**Instructions for the task:** The records below must be transcribed exactly. Do not include the pictures.

Stored data entries:
****************

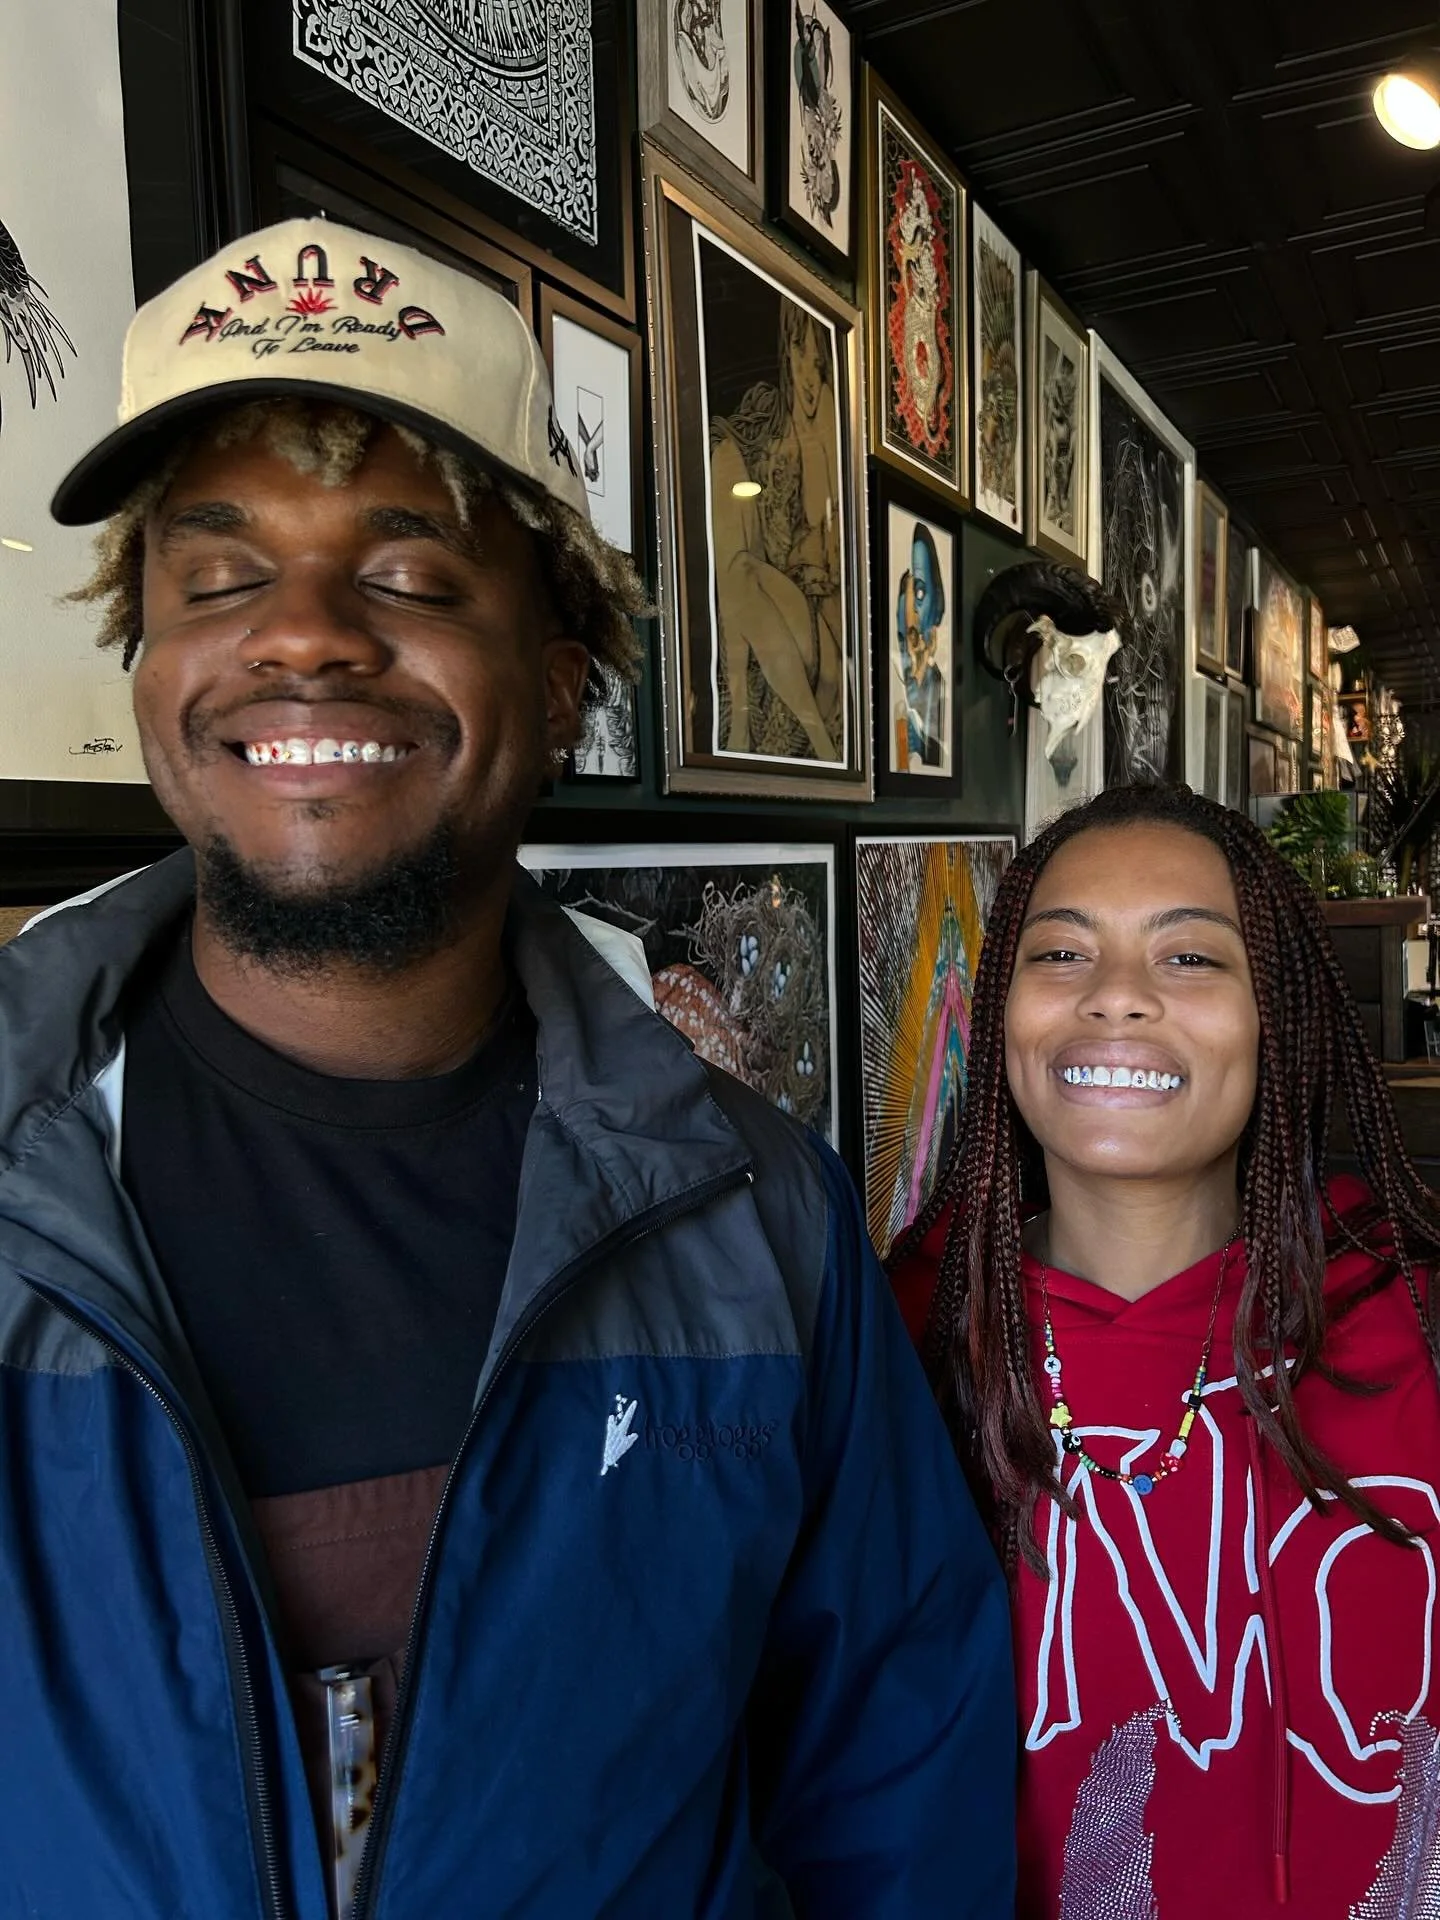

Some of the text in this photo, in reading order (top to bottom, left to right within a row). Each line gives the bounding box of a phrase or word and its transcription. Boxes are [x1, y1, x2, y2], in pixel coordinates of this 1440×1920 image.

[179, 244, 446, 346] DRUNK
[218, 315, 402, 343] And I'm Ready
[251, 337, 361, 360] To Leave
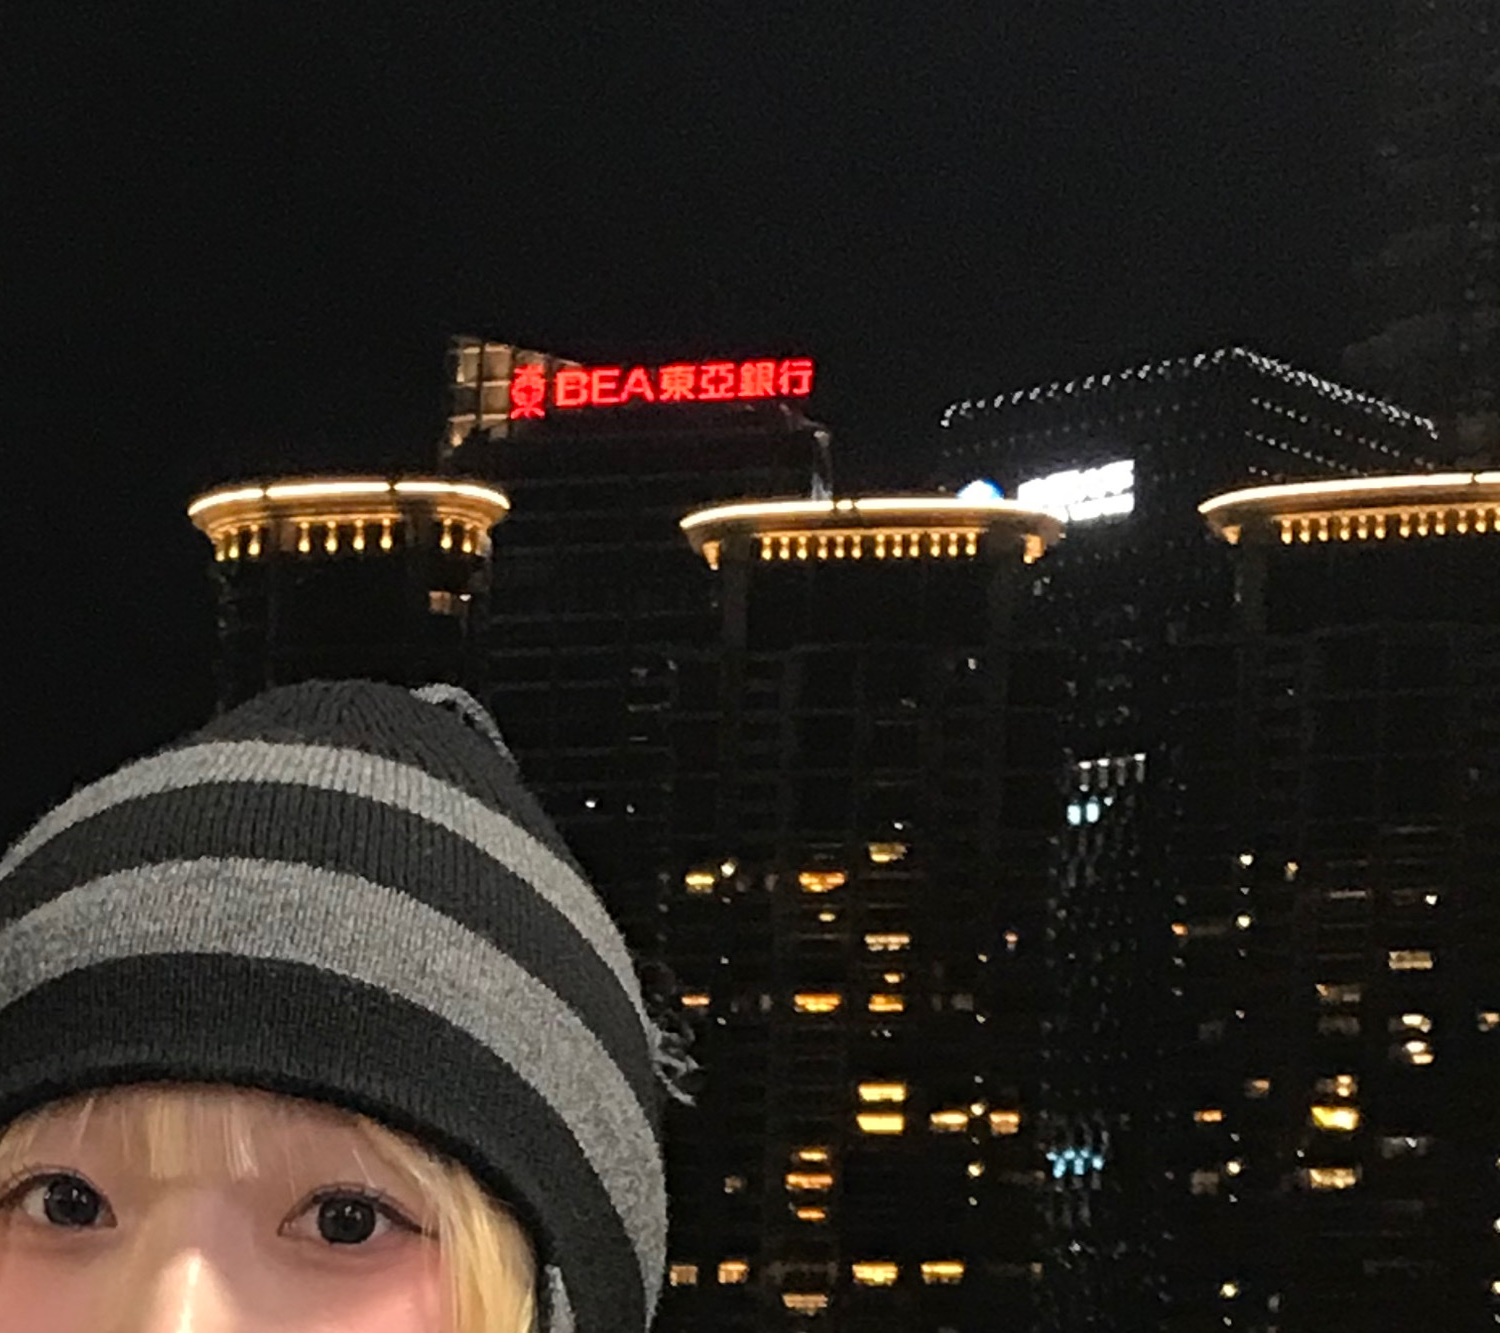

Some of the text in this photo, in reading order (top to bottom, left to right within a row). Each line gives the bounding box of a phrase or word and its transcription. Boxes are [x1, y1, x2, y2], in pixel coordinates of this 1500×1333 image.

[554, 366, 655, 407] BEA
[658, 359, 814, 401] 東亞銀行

****************

**Final answer:**
Some of the text in this photo, in reading order (top to bottom, left to right within a row). Each line gives the bounding box of a phrase or word and its transcription. Boxes are [x1, y1, x2, y2], in pixel coordinates of this 1440×1920 image.

[179, 244, 446, 346] DRUNK
[218, 315, 402, 343] And I'm Ready
[251, 337, 361, 360] To Leave

Some of the text in this photo, in reading order (top to bottom, left to right within a row). Each line gives the bounding box of a phrase or word and its transcription. Boxes are [x1, y1, x2, y2], in pixel coordinates of this 1500×1333 image.

[554, 366, 655, 407] BEA
[658, 359, 814, 401] 東亞銀行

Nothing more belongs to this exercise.